In the aftermath of war, those who return from it often “no longer know who they are. They
struggle to identify with the person they were before they experienced the trauma. They may
even feel that that person is dead. In the aftermath of trauma, there is therefore a need for people
to redefine themselves and their relationship with the world they used to know” (O’Donnell).

How do you redefine yourself? Is it even possible to redefine yourself after an experience
so rife with defining moments? After something so visceral as war, so novel, so awe-inspiring,
everything else becomes mundane. Years may pass without the slightest dusting of a memory
made, because nothing can live up. So you remain trapped there, unable to speak, speaking too
much. As stated in the final line of the 2005 film based on the book by Anthony Swofford,
Jarhead, “We are still in the desert.” You can return from the desert, you can return from Khe
Sanh, return from Belleau Wood, return from Troy, but you will always be trapped there no
matter where you may go.
Surely there must be some method of alleviation. Many have tried variable approaches to
the problem. For Hemingway, it was chasing dragon after dragon: WWI, the bullfights, big-game
hunting, the Spanish Civil War, WWII. Always chasing that first and unattainable high of
combat. Anthony Swofford’s sequel memoir to Jarhead is tellingly titled Hotels, Hospitals, and
Jails. A broken beer bottle is pictured beneath those words on the front cover. Drink it away,
fight it away, fuck it away. Keep running. Walter Sobchak tried bowling. But he still wears his
dog tags. Veteran fliers of WWII started motorcycle clubs, which began innocently enough, but
soon descended into a myriad of drugs and drunken violence. Seemingly, in our modern era, there is no escape but acceptance. You yearn for brotherhood, but the only way you know
brotherhood to exist is through violence.

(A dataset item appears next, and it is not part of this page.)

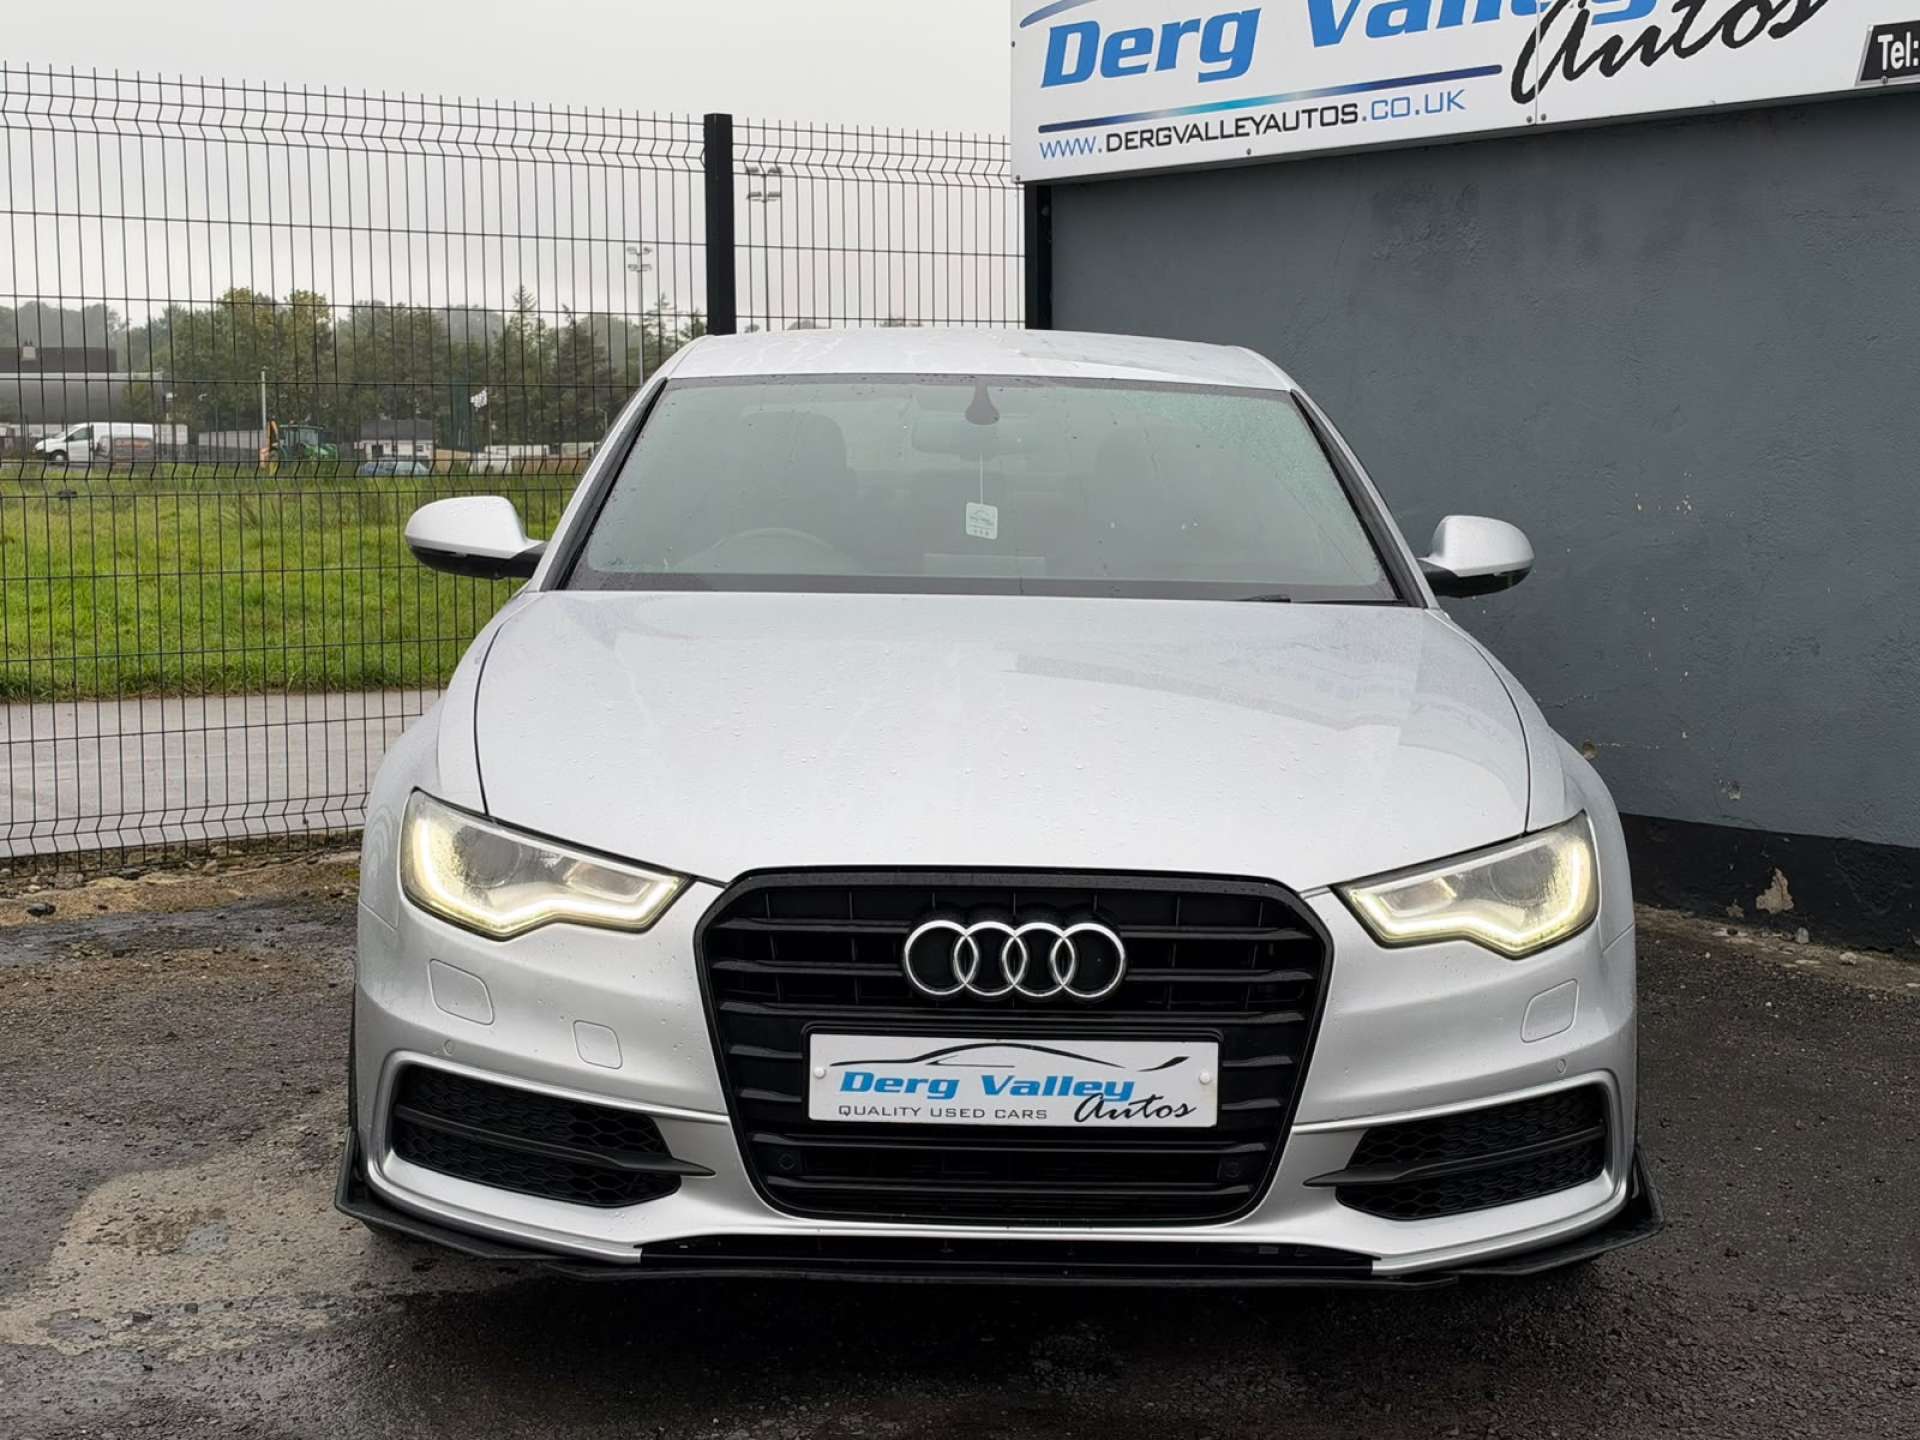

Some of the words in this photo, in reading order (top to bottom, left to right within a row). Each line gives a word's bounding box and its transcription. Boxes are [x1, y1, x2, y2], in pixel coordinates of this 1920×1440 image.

However, the ancients left us a model to follow. There were methodologies in place for
returnees from far-off battlefields. Ritual cleansing was commonplace across various cultures:
Roman legionnaires were bathed, Maasai warriors were purified, medieval knights were required
to do penance for their sins, and Native Americans engaged in sweat-lodge rituals for returning
warriors during which veterans would tell their stories and any impurities could be purged from
their souls (O’Donnell). Perhaps this final method is the most important when examining the
case of returning soldiers today. What is the coat room in “Soldier’s Home” if not a sweat-lodge
ritual? Stories are shared, and some healing is worked toward. As wars become more far-flung,
more stratified, engaged ever more by proxy forces, and veterans of these conflicts are seen as
outliers to humanity rather than members of a community, it will become increasingly important
to hear the stories of returnees, just as Odysseus told his story upon his return to Ithaca.
Works Cited
The Big Lebowski. Dir. Ethan Coen, Joel Coen. Polygram Film Entertainment, 1998. Film.
Hemingway, Ernest. The Complete Short Stories of Ernest Hemingway: Finca Vigía Edition.
Scribner’s, 1987.
Homer. The Odyssey. Translated by E.V. Rieu. VIVI Books, 2014.
Homer, Winslow. The Veteran in a New Field. 1865. The Met.
Jarhead. Dir. Sam Mendes. Universal Pictures, 2005. Film.
O'Donnell, Karen. “How PTSD Treatment Can Learn from Ancient Warrior Rituals.” The
Independent, 5 December, 2016, www.independent.co.uk/life-style/health-and-
families/how-ptsd-treatment-can-learn-ancient-warrior-rituals-a7451541.html.